==== Input ====

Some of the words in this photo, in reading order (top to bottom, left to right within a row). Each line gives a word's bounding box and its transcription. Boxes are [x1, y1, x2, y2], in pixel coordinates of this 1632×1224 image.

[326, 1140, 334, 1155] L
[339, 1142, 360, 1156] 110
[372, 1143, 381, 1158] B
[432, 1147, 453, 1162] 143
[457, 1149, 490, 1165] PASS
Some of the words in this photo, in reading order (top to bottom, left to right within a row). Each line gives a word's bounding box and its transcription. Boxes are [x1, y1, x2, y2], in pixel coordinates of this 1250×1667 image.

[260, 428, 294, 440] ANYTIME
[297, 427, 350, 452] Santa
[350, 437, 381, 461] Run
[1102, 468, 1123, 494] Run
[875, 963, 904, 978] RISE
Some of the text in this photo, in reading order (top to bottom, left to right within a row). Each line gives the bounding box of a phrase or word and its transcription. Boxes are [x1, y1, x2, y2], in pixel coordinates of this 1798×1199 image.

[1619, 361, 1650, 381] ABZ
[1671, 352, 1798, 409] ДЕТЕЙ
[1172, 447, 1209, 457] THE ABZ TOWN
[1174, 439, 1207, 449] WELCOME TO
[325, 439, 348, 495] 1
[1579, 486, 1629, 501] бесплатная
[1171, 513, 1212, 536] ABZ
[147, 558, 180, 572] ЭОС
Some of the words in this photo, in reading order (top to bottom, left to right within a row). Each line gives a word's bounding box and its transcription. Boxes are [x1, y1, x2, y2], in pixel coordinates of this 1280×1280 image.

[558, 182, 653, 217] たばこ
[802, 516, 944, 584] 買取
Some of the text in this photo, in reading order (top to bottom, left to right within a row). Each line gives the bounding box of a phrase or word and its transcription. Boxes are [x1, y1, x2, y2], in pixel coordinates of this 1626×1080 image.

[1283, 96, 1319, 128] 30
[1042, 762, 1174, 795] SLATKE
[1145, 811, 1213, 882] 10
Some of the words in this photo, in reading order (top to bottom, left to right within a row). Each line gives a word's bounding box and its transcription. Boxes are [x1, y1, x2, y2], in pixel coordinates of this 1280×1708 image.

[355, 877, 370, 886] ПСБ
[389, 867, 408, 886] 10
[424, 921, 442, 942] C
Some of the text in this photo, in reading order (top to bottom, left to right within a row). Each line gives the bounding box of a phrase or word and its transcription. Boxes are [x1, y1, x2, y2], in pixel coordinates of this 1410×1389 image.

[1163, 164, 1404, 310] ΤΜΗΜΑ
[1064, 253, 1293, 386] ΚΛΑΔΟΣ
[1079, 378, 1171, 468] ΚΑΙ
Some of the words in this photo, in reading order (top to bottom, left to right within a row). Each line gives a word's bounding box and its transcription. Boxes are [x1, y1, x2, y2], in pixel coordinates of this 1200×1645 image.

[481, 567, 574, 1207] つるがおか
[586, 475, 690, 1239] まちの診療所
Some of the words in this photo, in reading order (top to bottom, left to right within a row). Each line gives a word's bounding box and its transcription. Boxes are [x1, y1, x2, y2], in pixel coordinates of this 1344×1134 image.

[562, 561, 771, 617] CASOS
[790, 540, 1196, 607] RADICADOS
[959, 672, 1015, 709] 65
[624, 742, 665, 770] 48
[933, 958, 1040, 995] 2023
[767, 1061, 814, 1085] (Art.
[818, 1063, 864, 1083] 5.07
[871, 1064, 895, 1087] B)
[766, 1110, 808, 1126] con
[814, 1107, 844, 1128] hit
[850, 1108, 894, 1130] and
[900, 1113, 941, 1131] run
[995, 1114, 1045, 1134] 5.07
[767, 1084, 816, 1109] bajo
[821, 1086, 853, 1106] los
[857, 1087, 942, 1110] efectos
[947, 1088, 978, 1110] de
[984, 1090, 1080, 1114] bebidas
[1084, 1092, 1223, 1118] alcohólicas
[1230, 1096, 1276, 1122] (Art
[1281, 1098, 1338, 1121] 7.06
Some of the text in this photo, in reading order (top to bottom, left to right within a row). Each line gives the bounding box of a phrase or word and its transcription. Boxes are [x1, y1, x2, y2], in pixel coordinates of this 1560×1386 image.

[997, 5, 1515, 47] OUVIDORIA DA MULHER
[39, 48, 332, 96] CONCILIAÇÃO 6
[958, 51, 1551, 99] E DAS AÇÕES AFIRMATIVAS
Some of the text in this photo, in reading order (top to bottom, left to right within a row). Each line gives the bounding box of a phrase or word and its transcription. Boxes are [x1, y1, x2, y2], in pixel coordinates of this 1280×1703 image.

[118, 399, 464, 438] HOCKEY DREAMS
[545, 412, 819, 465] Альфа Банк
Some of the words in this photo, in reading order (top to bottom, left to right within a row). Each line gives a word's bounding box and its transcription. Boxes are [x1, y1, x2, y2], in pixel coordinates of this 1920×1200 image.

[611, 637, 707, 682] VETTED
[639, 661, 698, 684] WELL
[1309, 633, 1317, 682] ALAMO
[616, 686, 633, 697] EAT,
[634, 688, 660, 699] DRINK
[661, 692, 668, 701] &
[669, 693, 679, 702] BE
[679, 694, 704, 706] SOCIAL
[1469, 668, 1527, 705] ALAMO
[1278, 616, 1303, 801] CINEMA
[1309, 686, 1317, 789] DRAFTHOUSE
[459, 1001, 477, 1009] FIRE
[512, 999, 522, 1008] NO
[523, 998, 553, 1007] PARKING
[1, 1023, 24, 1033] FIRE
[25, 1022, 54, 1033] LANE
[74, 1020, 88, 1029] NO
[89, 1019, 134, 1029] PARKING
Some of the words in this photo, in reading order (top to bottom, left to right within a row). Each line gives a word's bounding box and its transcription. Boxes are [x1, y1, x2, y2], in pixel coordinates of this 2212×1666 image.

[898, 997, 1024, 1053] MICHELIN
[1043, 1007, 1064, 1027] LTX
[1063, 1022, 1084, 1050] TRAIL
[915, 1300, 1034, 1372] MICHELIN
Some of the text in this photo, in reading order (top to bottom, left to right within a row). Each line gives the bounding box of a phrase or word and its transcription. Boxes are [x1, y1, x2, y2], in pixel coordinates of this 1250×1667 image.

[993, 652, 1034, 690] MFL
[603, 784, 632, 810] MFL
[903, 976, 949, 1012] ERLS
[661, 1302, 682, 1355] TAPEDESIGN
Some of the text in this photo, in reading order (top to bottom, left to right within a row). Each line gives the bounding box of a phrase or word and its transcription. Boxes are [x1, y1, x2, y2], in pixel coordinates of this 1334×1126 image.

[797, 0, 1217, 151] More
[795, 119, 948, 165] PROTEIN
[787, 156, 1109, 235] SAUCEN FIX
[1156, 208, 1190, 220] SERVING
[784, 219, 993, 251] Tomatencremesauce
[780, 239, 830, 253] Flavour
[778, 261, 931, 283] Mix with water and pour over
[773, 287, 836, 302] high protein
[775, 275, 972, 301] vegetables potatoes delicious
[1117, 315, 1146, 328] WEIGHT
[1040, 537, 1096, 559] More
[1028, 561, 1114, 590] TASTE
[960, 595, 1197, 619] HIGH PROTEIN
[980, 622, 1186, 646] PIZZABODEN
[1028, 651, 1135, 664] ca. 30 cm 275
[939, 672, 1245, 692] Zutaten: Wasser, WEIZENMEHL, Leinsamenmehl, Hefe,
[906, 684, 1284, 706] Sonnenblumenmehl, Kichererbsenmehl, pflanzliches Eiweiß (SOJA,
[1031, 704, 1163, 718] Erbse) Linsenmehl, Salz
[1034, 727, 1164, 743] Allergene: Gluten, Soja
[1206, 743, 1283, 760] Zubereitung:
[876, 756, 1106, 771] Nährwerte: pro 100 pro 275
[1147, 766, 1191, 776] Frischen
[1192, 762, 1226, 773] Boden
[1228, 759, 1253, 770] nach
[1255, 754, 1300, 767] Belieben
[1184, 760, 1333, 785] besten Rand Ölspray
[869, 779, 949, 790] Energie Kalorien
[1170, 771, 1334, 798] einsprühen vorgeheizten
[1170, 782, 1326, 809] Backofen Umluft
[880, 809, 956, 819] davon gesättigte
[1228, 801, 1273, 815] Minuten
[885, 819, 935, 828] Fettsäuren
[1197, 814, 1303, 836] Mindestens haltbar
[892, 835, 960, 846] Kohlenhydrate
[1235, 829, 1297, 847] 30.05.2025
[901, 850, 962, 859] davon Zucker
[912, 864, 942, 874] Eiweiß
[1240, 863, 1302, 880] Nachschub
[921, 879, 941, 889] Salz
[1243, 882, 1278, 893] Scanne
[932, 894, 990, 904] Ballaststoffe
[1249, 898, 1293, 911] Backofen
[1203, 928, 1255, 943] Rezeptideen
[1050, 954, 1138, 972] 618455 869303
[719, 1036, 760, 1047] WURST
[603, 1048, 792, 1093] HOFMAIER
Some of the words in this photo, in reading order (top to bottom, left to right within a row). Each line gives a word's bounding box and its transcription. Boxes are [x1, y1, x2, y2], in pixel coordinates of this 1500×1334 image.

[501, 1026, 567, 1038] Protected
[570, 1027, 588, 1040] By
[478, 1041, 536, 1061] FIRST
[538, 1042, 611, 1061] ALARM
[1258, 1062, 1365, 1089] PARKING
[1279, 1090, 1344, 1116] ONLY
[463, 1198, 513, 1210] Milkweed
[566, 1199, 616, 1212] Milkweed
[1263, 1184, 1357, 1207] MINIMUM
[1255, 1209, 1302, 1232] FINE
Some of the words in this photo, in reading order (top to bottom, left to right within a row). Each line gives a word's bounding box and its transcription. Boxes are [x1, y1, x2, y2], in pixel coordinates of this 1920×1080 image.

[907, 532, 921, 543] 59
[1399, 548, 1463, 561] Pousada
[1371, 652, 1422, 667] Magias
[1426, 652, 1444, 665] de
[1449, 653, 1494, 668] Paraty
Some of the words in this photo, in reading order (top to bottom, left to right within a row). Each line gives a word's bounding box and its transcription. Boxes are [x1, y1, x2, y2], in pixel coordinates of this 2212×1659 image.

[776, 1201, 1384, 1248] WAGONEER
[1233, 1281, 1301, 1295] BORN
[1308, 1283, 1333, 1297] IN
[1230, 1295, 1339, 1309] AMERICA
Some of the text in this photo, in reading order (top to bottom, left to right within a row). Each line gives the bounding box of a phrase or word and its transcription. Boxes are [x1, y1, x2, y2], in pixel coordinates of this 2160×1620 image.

====

> _Task brief_
Reproduce verbatim only the lines from the one holding "this 1920×1080 image." through the end of the records.

> _Exercise result_
Some of the words in this photo, in reading order (top to bottom, left to right within a row). Each line gives a word's bounding box and its transcription. Boxes are [x1, y1, x2, y2], in pixel coordinates of this 1920×1080 image.

[907, 532, 921, 543] 59
[1399, 548, 1463, 561] Pousada
[1371, 652, 1422, 667] Magias
[1426, 652, 1444, 665] de
[1449, 653, 1494, 668] Paraty
Some of the words in this photo, in reading order (top to bottom, left to right within a row). Each line gives a word's bounding box and its transcription. Boxes are [x1, y1, x2, y2], in pixel coordinates of this 2212×1659 image.

[776, 1201, 1384, 1248] WAGONEER
[1233, 1281, 1301, 1295] BORN
[1308, 1283, 1333, 1297] IN
[1230, 1295, 1339, 1309] AMERICA
Some of the text in this photo, in reading order (top to bottom, left to right within a row). Each line gives the bounding box of a phrase or word and its transcription. Boxes are [x1, y1, x2, y2], in pixel coordinates of this 2160×1620 image.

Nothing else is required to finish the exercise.